Martin looked down into the trees. The dark pines and her evocation of old memories were suddenly oppressive.

“Don’t,” he said.

“Don’t what?”

“Talk about sad things.”

“I didn’t mean to be sad. You do the talking, then.”

“No, I’d rather hear you. I don’t know you enough, Mary. I should need a lifetime to know you and I won’t have it.”

“Now you’re the one who’s talking of sad things.”

What’s to become of us, he thought, now that we have begun something that can’t go on and also can’t end?

He roused himself. “Come. We’ll go down and walk on the beach. It’s too beautiful to waste a minute of it.”

In Nice they walked on the Promenade des Anglais, while a stream of smart, snub-nosed Renaults went by. Stepping quietly in the hush of grandeur, they looked at shop windows and marble lobbies. From a terrace they observed a nineteenth-century panorama: wide effect of water and gauzy sky, of sails, white dresses, pillars and balustrades.
Sprightly music played and no one, Martin saw, noticed that the musicians had threadbare cuffs.

“Let’s go back to Menton,” he said abruptly.

“You’re a funny duck! We just got here!”

“Do you mind? If you really do, I’ll stay.”

“No. We can have a country lunch if you’d rather.”

“Then I’d rather.”

At a market in a walled village on the Grand Corniche they bought food: cheese, fruit, bread and the shriveled black olives of the region. On the side of the road they stopped to eat.

“Better than all that splendor,” Martin remarked.

“It made you uncomfortable?”

“Yes, that sort of thing’s a snare. A doctor must never let himself forget ordinary people. It’s only too easy.”

“For you, do you mean, or for anyone?”

“I’m no different from anyone else. Or maybe I am. I want beauty terribly, and beauty in this world can be expensive.”

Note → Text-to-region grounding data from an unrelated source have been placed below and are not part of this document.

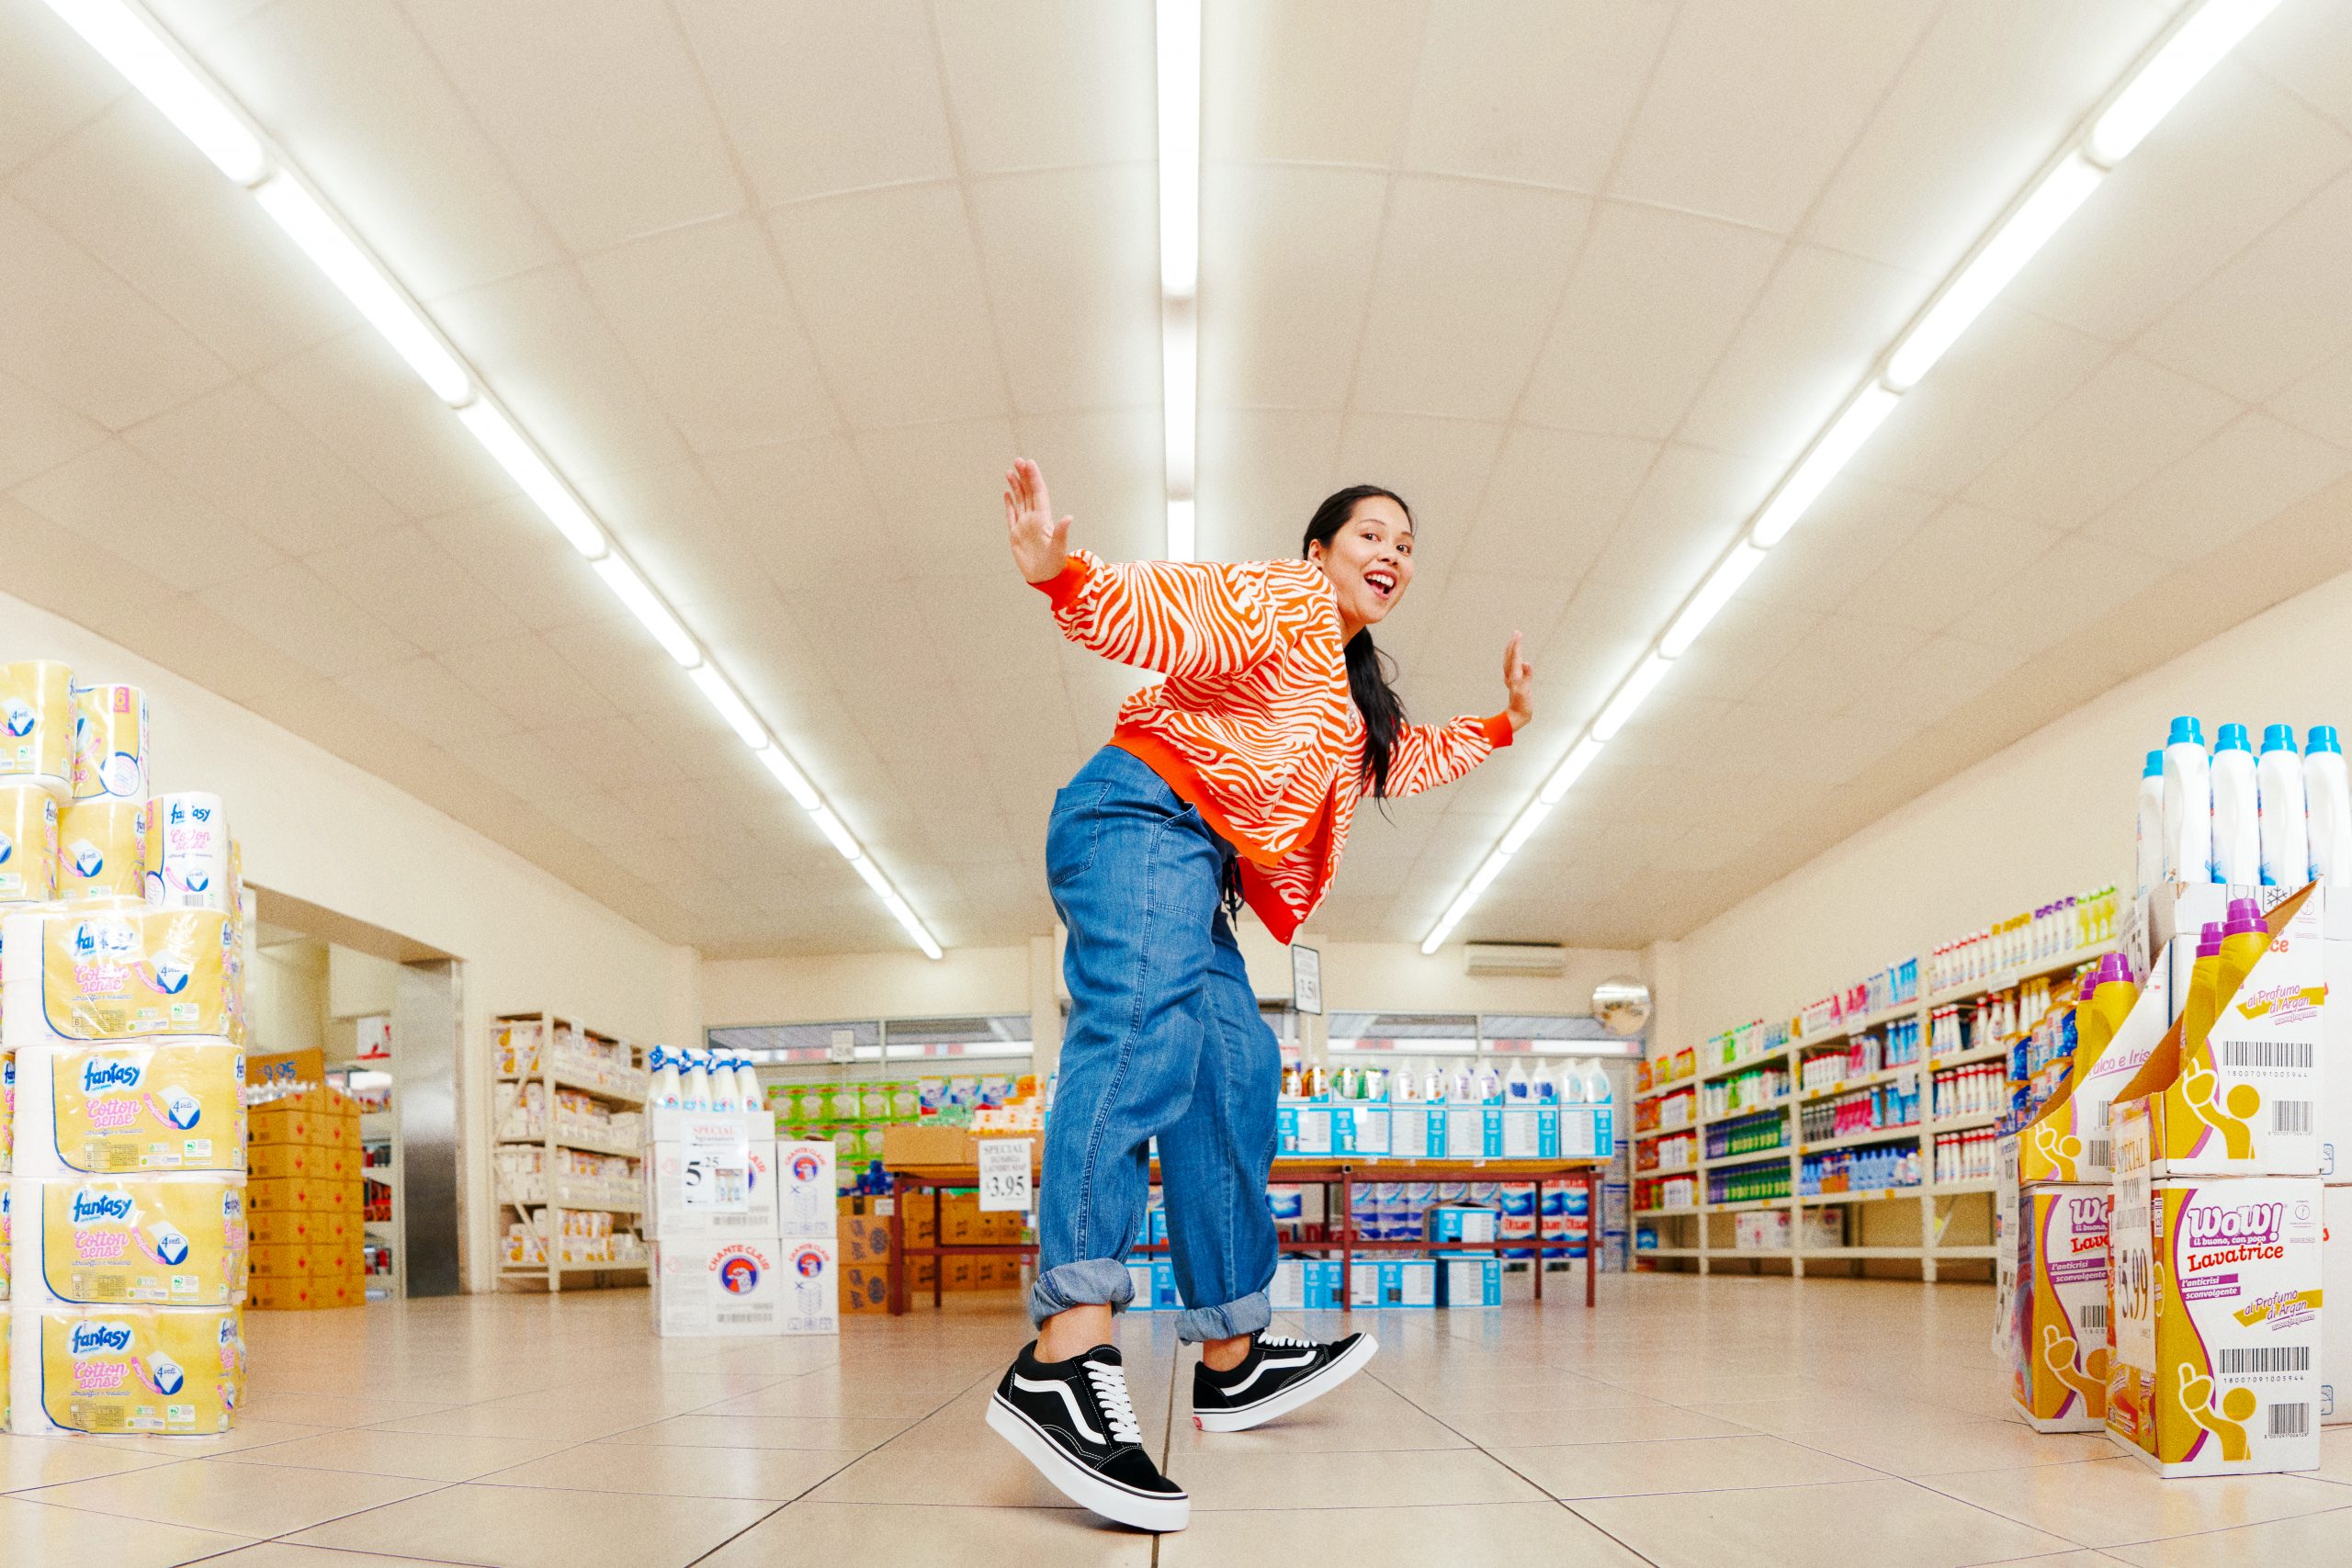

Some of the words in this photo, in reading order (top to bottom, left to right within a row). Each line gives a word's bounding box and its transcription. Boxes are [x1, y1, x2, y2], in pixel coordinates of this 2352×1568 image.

[171, 803, 210, 824] faasy
[82, 980, 122, 993] sense
[2248, 995, 2256, 1008] al
[2256, 985, 2301, 1002] Profumo
[2270, 999, 2278, 1014] di
[2281, 996, 2309, 1012] Argan
[2088, 1056, 2115, 1076] alco
[2119, 1057, 2125, 1067] e
[2129, 1049, 2150, 1065] Iris
[85, 1061, 141, 1091] fantasy
[85, 1100, 141, 1119] Cotton
[173, 1101, 179, 1112] 4
[94, 1114, 134, 1128] sense
[2117, 1138, 2145, 1175] SPECIAL
[74, 1192, 132, 1223] fantasy
[74, 1231, 129, 1249] Cotton
[162, 1236, 168, 1247] 4
[2202, 1237, 2230, 1247] buono,
[2247, 1235, 2267, 1245] poco
[81, 1247, 122, 1258] sense
[708, 1245, 743, 1271] CHANTE
[745, 1246, 771, 1270] CLAIR
[2188, 1241, 2284, 1272] Lavatrice
[2052, 1260, 2088, 1271] l'anticrisi
[2056, 1271, 2107, 1282] sconvolgente
[2181, 1276, 2220, 1288] l'anticrisi
[2186, 1287, 2238, 1300] sconvolgente
[2245, 1303, 2253, 1314] al
[2256, 1291, 2298, 1311] Profumo
[2267, 1305, 2277, 1320] di
[2279, 1302, 2307, 1316] Argan
[73, 1325, 131, 1353] fantasy
[74, 1361, 129, 1380] Cotton
[157, 1367, 164, 1378] 4
[2224, 1375, 2304, 1384] 18007091005944
[80, 1377, 121, 1389] sense

“I think you’re too hard on yourself.”

“That’s what Jessie always says.”

Mary looked away. Her face was sad. “I’d managed for at least two hours not to think of her until just now.”

“We’re not going to hurt her,” he protested. “Neither of us wants to or will.”

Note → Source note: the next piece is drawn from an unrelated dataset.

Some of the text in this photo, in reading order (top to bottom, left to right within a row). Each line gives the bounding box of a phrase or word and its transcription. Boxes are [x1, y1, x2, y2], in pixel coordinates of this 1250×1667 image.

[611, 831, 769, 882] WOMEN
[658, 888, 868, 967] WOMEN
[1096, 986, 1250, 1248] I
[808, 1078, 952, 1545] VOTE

“But I’ll know when I look at her, or at you, or at myself.”

He closed his eyes, shutting out the noon brightness. “We couldn’t have helped it—the whole thing, from the beginning.”

“I’m so sorry for us all!”

“For Alex, too?”

“No, he’s as happy as possible, in his circumstances. You know,” she said, “I’ve accepted all that … Did you ever think I really would?” There was a spiritual beauty in her face as the sadness ebbed into grave calm.

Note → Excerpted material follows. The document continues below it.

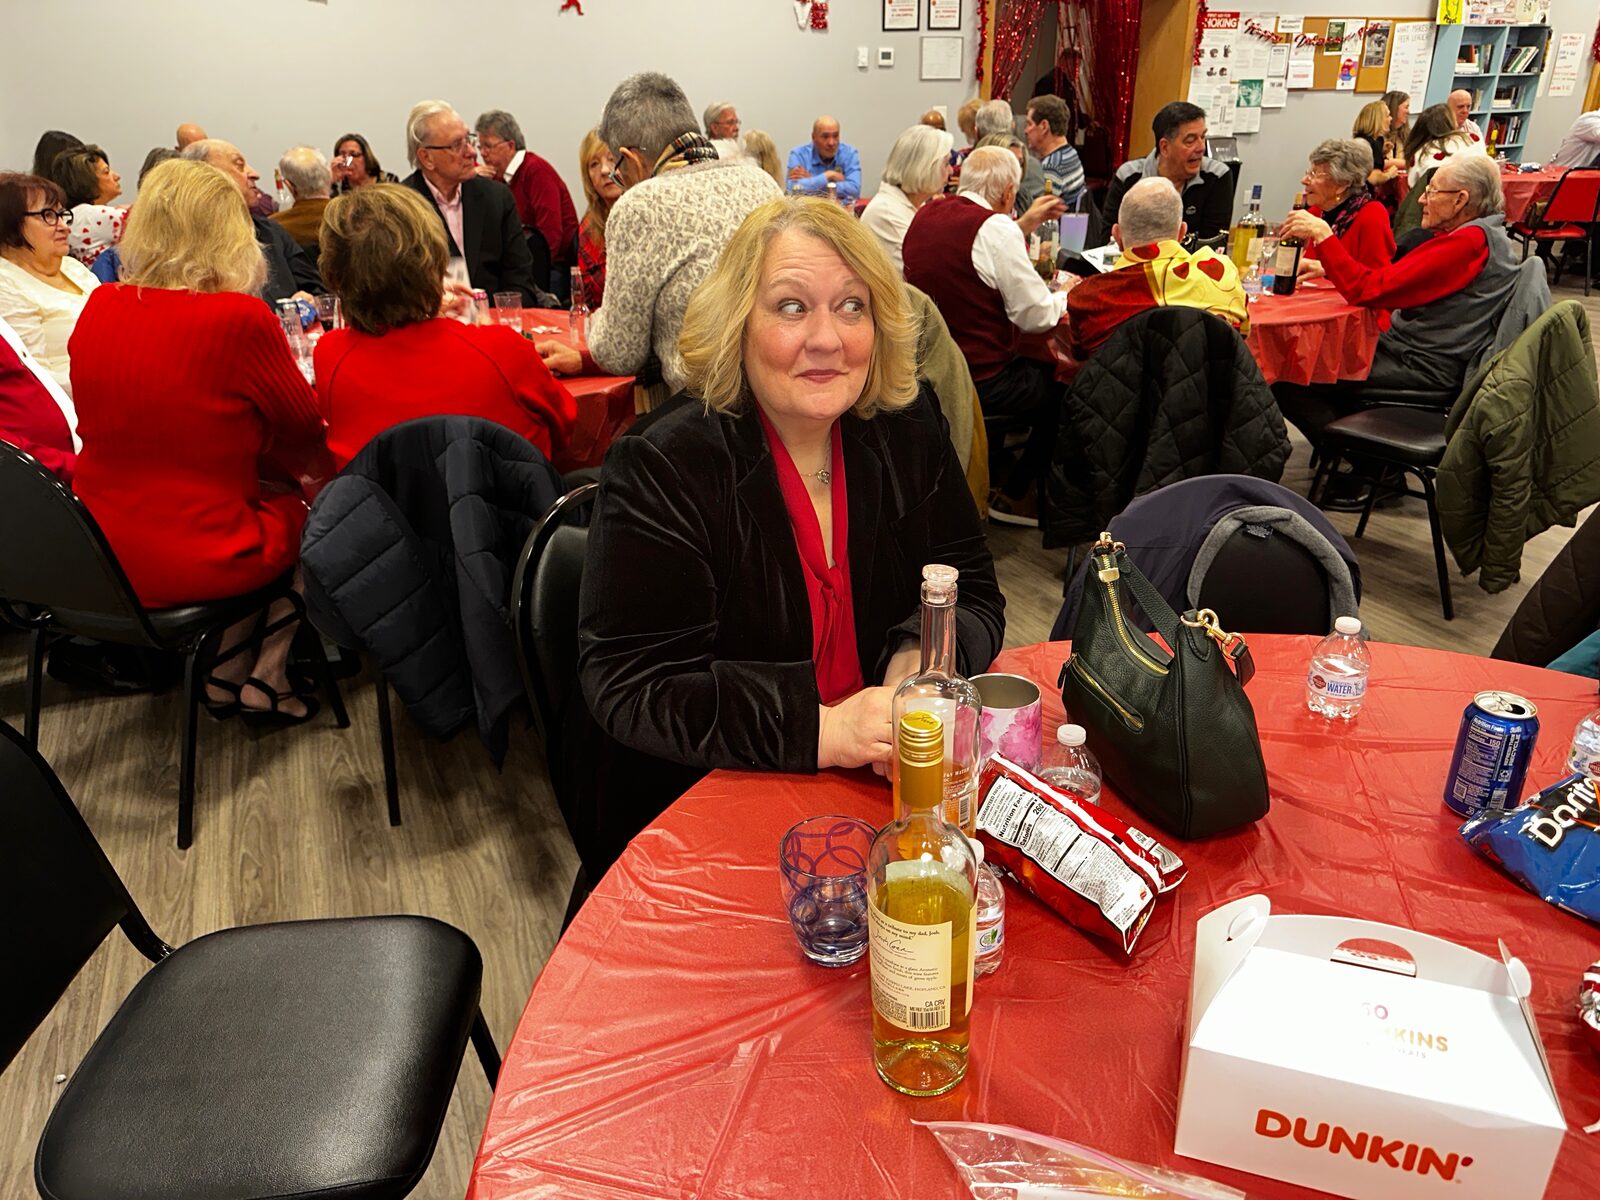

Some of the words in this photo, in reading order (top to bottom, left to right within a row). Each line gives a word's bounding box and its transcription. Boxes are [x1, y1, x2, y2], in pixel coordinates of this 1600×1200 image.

“Yes,” Martin said, “I did think you would. I remember, on the day we met, how compassionately you spoke of Jessie.”

“But to be truly compassionate, one needs to have suffered.
One needs to have been alone. I know that now. I didn’t then.”

“Mary … tell me, is it terribly hard for you now, the way things are?”

She was silent for a while. He did not interrupt her silence.

Then she said, “You might say it’s as if I were a widow, living with a kind brother. Not the worst fate in the world, I suppose. Thank God, I have my children and my art, such as it is.”

But if she didn’t have the children, she would be free. Yet, if she were free and he not free, how would he feel about that? Guiltily, Martin repressed the selfish thought.

“Listen to me,” he said. “We’re overanalyzing. Let’s just accept, instead. What’s past is past. There’s nothing we can do about it now.”

She stood up. “You said we mustn’t spoil our days here, and you were right So, no more talk! Let’s go back to the beach and pretend we have all the time in the world.”

Three more days. For long hours they lay in a hidden hollow of the beach, under the escarpment of the hills out of whose rocks these ancient villages had been carved. On a promontory, like a finger thrust out into the sea, the tearing wind had bent pines into the attitude of prayer. But in this windless hollow the warmth was kindly, the air was like silk on the skin and the sand like silk.

He took her hand. It seemed to him that strength flowed from one to the other through their hands. And he thought that ultimate joy would be to lie forever in this sun, to float in this sea—for was the sea not once our home?—and to wake in the first light with this woman next to him.

Coming back to their room one day they found the maid cleaning. “I saw you walking yesterday,” she said. “M’sieur and Madame looked so happy.” She spoke with the awkward boldness of one who is naturally shy. “I watched you laughing, and I felt happy, too. I’m going to be married on Saturday.”

“Oh,” Mary cried, “we shall be gone by then! Is he the
young man who waited for you at the end of the drive last night?”

Blushing, the girl nodded. “You could have come to the wedding in my village. It’s not far from here.”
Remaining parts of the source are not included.